#### [WHAT IS NEEDED]
Return, without anything added, the lines from the one containing "this 2058×1156 image." through the end of the entries below, exactly as written.

#### [EXTRACTED MATERIAL]
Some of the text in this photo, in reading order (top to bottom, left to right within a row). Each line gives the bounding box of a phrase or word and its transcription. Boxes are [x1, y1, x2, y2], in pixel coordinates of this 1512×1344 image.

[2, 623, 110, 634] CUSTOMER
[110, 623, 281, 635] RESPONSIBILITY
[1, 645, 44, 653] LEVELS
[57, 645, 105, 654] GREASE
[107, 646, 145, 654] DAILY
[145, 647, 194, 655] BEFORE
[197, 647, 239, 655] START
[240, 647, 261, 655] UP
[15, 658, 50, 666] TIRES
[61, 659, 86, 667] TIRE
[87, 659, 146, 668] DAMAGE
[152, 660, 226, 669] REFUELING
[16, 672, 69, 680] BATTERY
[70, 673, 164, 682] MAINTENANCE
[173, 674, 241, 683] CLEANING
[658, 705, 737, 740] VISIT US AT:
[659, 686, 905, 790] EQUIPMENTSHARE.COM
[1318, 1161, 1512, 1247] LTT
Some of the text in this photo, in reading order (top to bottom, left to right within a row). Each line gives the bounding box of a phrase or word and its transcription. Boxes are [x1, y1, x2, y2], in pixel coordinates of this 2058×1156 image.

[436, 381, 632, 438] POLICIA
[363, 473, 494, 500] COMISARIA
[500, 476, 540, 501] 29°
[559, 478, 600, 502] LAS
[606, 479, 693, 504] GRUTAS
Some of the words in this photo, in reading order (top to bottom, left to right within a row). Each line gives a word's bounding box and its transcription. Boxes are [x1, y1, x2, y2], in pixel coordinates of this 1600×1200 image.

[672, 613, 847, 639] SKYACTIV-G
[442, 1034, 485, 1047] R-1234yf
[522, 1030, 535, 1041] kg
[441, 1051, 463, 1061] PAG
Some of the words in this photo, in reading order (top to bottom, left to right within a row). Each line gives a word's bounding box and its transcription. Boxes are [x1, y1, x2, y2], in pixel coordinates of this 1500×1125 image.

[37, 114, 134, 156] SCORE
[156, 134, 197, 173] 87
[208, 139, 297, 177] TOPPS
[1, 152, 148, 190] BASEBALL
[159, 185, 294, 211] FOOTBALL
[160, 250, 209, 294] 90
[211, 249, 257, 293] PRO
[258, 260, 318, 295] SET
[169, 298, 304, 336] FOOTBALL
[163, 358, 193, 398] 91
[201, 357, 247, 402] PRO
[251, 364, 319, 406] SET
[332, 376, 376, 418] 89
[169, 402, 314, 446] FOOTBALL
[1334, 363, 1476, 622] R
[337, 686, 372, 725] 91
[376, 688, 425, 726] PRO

#### [RESULT OF THIS EXERCISE]
Some of the text in this photo, in reading order (top to bottom, left to right within a row). Each line gives the bounding box of a phrase or word and its transcription. Boxes are [x1, y1, x2, y2], in pixel coordinates of this 2058×1156 image.

[436, 381, 632, 438] POLICIA
[363, 473, 494, 500] COMISARIA
[500, 476, 540, 501] 29°
[559, 478, 600, 502] LAS
[606, 479, 693, 504] GRUTAS
Some of the words in this photo, in reading order (top to bottom, left to right within a row). Each line gives a word's bounding box and its transcription. Boxes are [x1, y1, x2, y2], in pixel coordinates of this 1600×1200 image.

[672, 613, 847, 639] SKYACTIV-G
[442, 1034, 485, 1047] R-1234yf
[522, 1030, 535, 1041] kg
[441, 1051, 463, 1061] PAG
Some of the words in this photo, in reading order (top to bottom, left to right within a row). Each line gives a word's bounding box and its transcription. Boxes are [x1, y1, x2, y2], in pixel coordinates of this 1500×1125 image.

[37, 114, 134, 156] SCORE
[156, 134, 197, 173] 87
[208, 139, 297, 177] TOPPS
[1, 152, 148, 190] BASEBALL
[159, 185, 294, 211] FOOTBALL
[160, 250, 209, 294] 90
[211, 249, 257, 293] PRO
[258, 260, 318, 295] SET
[169, 298, 304, 336] FOOTBALL
[163, 358, 193, 398] 91
[201, 357, 247, 402] PRO
[251, 364, 319, 406] SET
[332, 376, 376, 418] 89
[169, 402, 314, 446] FOOTBALL
[1334, 363, 1476, 622] R
[337, 686, 372, 725] 91
[376, 688, 425, 726] PRO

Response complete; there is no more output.